- [Work instructions]: An unchanged copy of every record below, without pictures, is the goal.

- [Available data]:

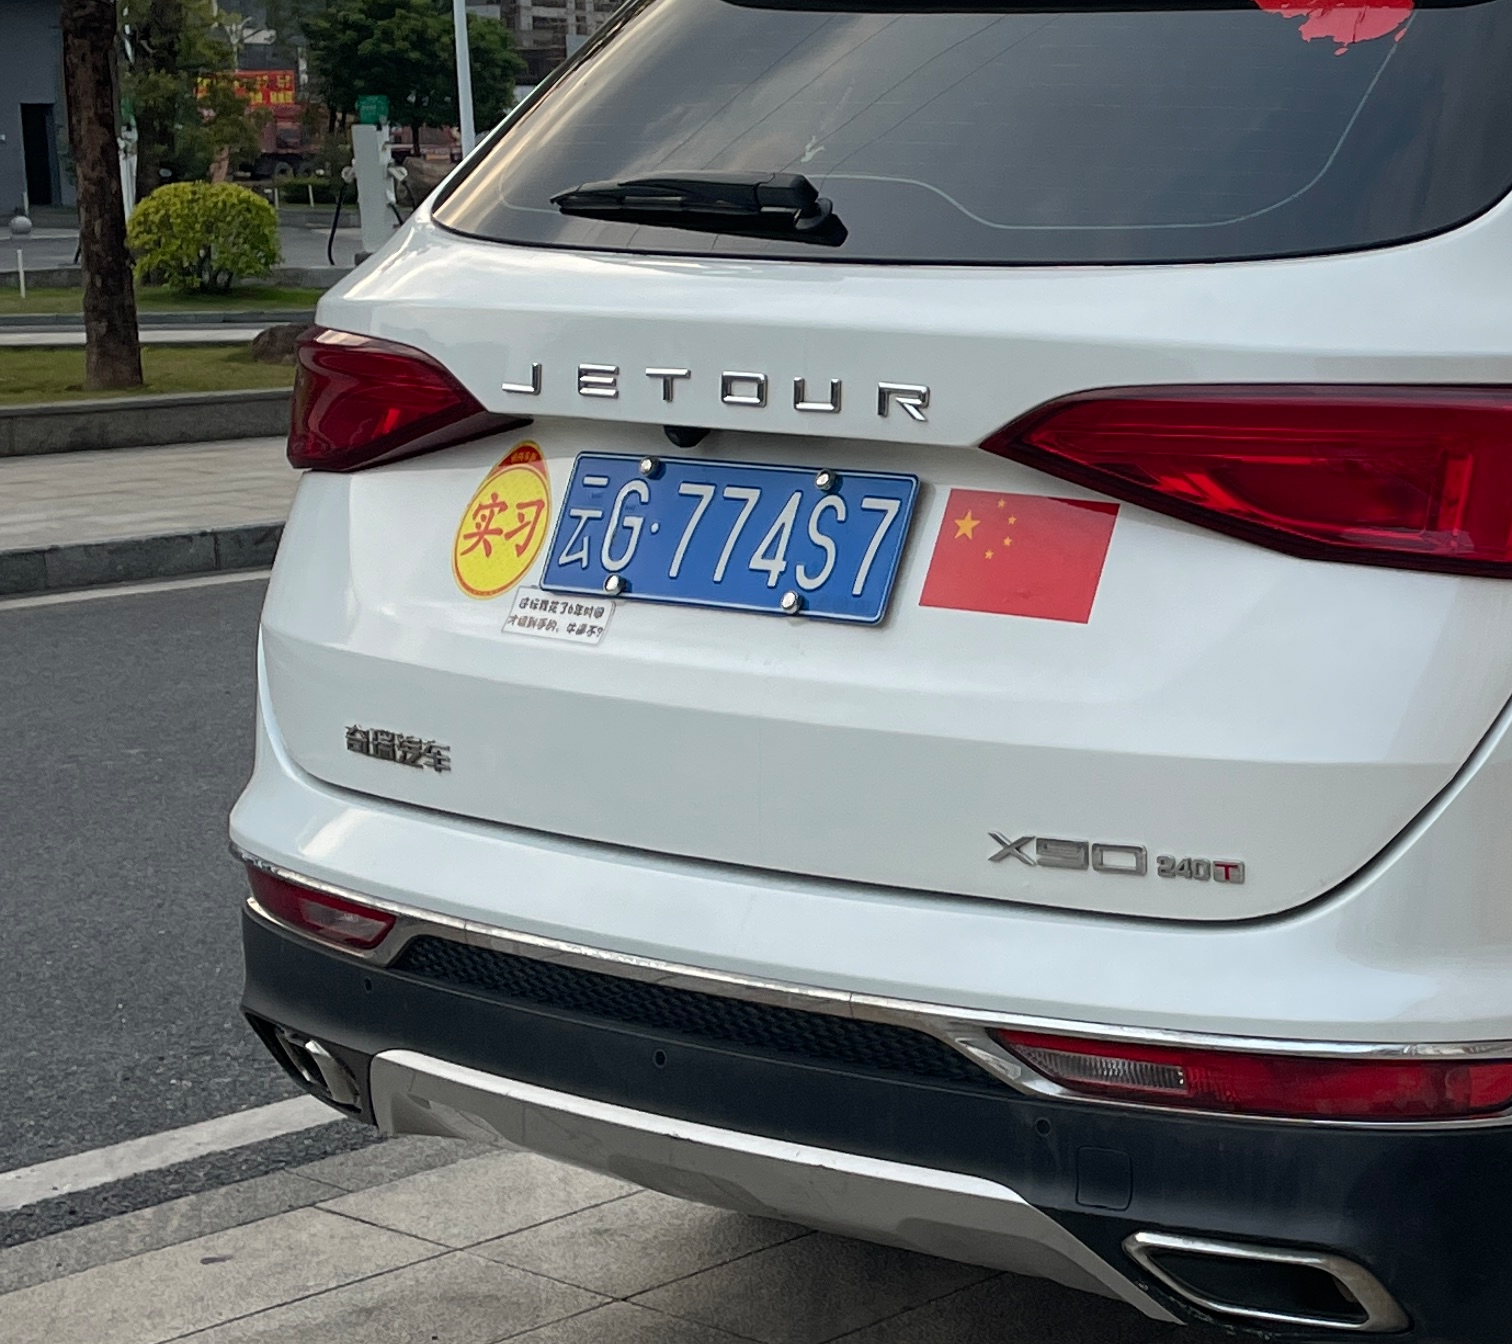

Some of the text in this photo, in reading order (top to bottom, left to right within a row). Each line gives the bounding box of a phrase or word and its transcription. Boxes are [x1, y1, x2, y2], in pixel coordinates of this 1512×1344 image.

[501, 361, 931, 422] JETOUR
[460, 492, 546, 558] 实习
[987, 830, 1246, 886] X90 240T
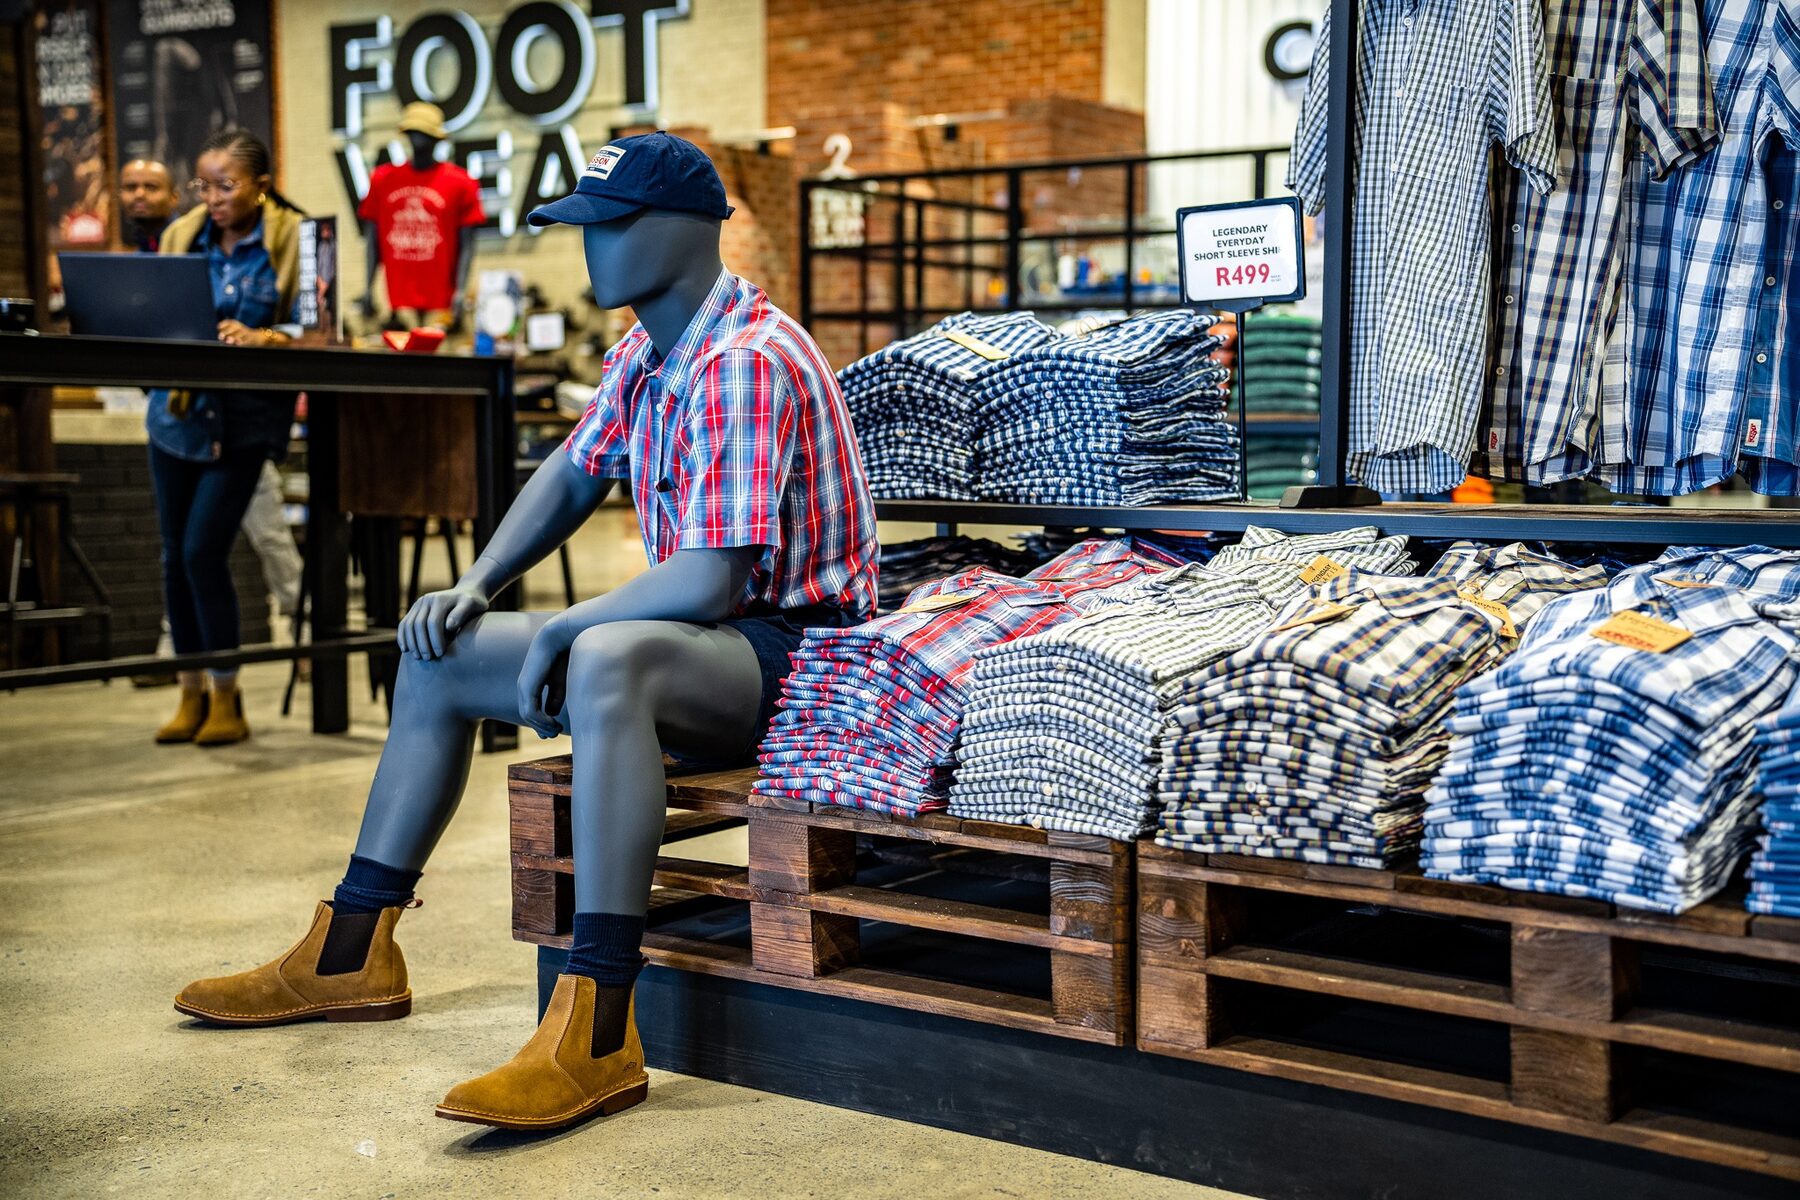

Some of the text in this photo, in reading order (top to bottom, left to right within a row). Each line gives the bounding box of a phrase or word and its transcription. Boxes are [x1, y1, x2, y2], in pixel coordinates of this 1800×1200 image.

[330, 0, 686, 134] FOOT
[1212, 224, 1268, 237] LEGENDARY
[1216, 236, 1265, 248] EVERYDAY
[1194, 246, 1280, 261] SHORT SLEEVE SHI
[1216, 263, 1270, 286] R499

- [Output of the exercise]:
Some of the text in this photo, in reading order (top to bottom, left to right within a row). Each line gives the bounding box of a phrase or word and its transcription. Boxes are [x1, y1, x2, y2], in pixel coordinates of this 1512×1344 image.

[501, 361, 931, 422] JETOUR
[460, 492, 546, 558] 实习
[987, 830, 1246, 886] X90 240T

Some of the text in this photo, in reading order (top to bottom, left to right within a row). Each line gives the bounding box of a phrase or word and its transcription. Boxes are [x1, y1, x2, y2], in pixel coordinates of this 1800×1200 image.

[330, 0, 686, 134] FOOT
[1212, 224, 1268, 237] LEGENDARY
[1216, 236, 1265, 248] EVERYDAY
[1194, 246, 1280, 261] SHORT SLEEVE SHI
[1216, 263, 1270, 286] R499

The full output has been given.